Edward Brook, Esq., who had in many ways been a great benefactor to the village of Meltham, and with whom the Society had had many profitable transactions, died on January 29th, 1904. The funeral took place on Wednesday, February 3rd, and to show due respect to a generous citizen the premises were closed the whole of the day.
Some property, consisting of two shops with land and warehouse at the back and closely adjoining the Society's premises, was at this time offered for sale to the Society by Mr. Lydall, the owner. The Committee, after due consideration, concluded that this property should be secured, and although it was not immediately required, it was another outlet for the members’ capital, would pay good interest on the amount expended, and would also prove most valuable to the Society when opening new branches of business. At a Special Committee Meeting held April 7th, 1904, it was unanimously carried that the offer made by Mr. Lydall should be accepted subject to confirmation by the Half-yearly Meeting, and that the property be purchased for the sum of £1,125. This action of the Committee was approved by the General Meeting, and Mr. G. G. Fisher, Solicitor, was appointed to carry out the conveyance.

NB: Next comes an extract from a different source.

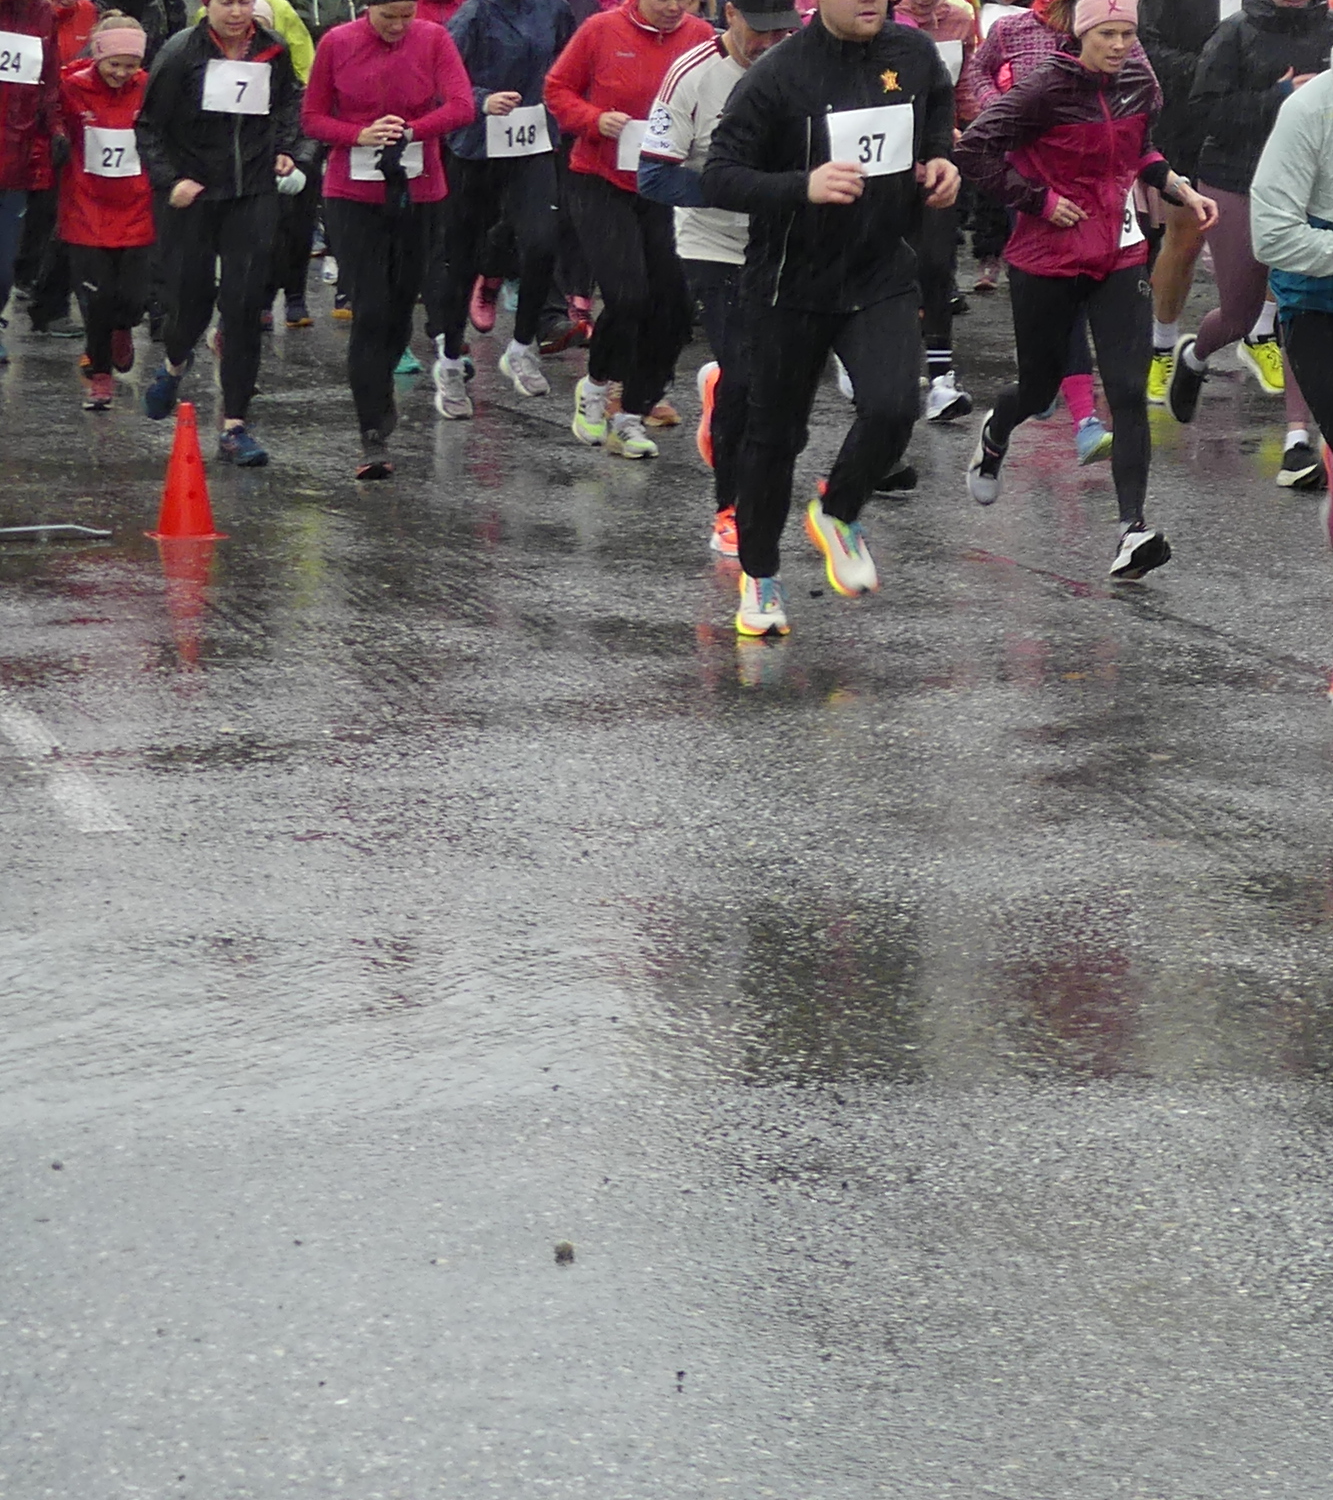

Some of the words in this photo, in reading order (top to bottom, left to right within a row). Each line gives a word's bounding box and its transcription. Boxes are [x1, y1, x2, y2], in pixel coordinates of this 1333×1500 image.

[235, 81, 248, 103] 7
[504, 124, 536, 148] 148
[102, 147, 125, 168] 27
[858, 133, 886, 164] 37

This year the Co-operative Congress was held at Stratford. Messrs. Geo. Hy. Holroyd and Stead Lunn were appointed as delegates.

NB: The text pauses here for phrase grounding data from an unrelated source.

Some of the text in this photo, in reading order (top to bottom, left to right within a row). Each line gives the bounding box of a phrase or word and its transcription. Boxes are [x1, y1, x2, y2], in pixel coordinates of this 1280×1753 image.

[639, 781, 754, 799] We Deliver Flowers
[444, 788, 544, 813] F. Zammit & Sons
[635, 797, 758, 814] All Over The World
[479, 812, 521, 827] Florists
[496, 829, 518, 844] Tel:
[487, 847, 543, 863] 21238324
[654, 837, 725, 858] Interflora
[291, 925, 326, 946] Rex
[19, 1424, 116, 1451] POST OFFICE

Wednesday, June 8th, 1904, stands out as a red-letter day in the history of the Society to the employees. The Committee, allowed the shops to be closed all day, and granted the sum of 5s. to each employe in order that they may visit the Luton Cocoa Works and London Tea Warehouse. The visit was most enjoyable and interesting, and will ever be remembered with pleasure by every person who took advantage of it.
The first Children's Gala in connection with the Stores was held on Saturday, August 13th, 1904. The children formed in procession at 2 o’clock, and marched through the village headed by the Meltham Mills Brass Band and the officials of the Society. On reaching the field each child was presented with a packet of chocolate, and afterwards regaled with buns and coffee. Sports had been arranged for boys and girls, and prizes were given for each event. Punch and Judy performances took place at intervals, and the band played selections of music.
From this time these Gala days have taken place yearly, and have been a great success when the weather has been favourable.
On September 1st, 1904 the horse “Gilbert” was bought from Mr. John S. Lockwood for the sum of £28. 18s.
The time for the taking of stocks was altered at this period to the last Saturday in January and the last Saturday in July.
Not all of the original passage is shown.